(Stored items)

┌──

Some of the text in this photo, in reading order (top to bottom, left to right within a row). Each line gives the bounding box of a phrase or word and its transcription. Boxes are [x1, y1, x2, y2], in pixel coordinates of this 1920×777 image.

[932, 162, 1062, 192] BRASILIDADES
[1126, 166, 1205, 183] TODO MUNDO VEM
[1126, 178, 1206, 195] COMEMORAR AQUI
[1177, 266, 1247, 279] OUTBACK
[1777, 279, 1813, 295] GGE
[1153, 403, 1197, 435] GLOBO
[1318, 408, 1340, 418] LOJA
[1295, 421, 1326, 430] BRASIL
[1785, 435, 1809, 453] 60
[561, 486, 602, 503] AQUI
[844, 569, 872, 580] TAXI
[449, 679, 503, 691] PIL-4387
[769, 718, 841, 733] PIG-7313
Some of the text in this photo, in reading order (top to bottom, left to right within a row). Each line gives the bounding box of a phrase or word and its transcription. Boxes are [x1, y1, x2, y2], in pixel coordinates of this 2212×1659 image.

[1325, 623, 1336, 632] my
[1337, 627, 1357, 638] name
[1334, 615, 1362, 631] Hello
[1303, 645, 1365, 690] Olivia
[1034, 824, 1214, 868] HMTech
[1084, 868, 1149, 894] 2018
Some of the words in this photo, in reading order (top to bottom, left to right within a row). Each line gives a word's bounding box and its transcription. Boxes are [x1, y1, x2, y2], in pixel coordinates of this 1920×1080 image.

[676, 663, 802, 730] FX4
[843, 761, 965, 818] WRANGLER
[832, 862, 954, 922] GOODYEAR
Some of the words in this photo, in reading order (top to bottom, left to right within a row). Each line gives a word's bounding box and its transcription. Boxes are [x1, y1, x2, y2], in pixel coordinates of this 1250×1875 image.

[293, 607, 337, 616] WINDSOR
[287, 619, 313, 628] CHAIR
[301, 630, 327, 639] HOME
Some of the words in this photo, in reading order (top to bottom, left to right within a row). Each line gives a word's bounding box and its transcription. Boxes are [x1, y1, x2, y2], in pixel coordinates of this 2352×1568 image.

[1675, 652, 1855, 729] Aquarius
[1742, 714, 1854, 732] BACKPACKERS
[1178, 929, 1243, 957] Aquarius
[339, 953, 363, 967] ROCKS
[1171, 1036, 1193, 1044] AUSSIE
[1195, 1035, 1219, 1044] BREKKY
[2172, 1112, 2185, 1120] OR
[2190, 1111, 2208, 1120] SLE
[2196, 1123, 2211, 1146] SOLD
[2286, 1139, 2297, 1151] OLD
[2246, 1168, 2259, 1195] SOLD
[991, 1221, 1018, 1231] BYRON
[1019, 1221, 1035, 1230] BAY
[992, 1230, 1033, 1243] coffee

└──

» **TASK**
All lines from the one containing "this 1250×1875 image." to the last line above should be reproduced exactly, and no other lines should be given.

» **RESULT OF THIS EXERCISE**
Some of the words in this photo, in reading order (top to bottom, left to right within a row). Each line gives a word's bounding box and its transcription. Boxes are [x1, y1, x2, y2], in pixel coordinates of this 1250×1875 image.

[293, 607, 337, 616] WINDSOR
[287, 619, 313, 628] CHAIR
[301, 630, 327, 639] HOME
Some of the words in this photo, in reading order (top to bottom, left to right within a row). Each line gives a word's bounding box and its transcription. Boxes are [x1, y1, x2, y2], in pixel coordinates of this 2352×1568 image.

[1675, 652, 1855, 729] Aquarius
[1742, 714, 1854, 732] BACKPACKERS
[1178, 929, 1243, 957] Aquarius
[339, 953, 363, 967] ROCKS
[1171, 1036, 1193, 1044] AUSSIE
[1195, 1035, 1219, 1044] BREKKY
[2172, 1112, 2185, 1120] OR
[2190, 1111, 2208, 1120] SLE
[2196, 1123, 2211, 1146] SOLD
[2286, 1139, 2297, 1151] OLD
[2246, 1168, 2259, 1195] SOLD
[991, 1221, 1018, 1231] BYRON
[1019, 1221, 1035, 1230] BAY
[992, 1230, 1033, 1243] coffee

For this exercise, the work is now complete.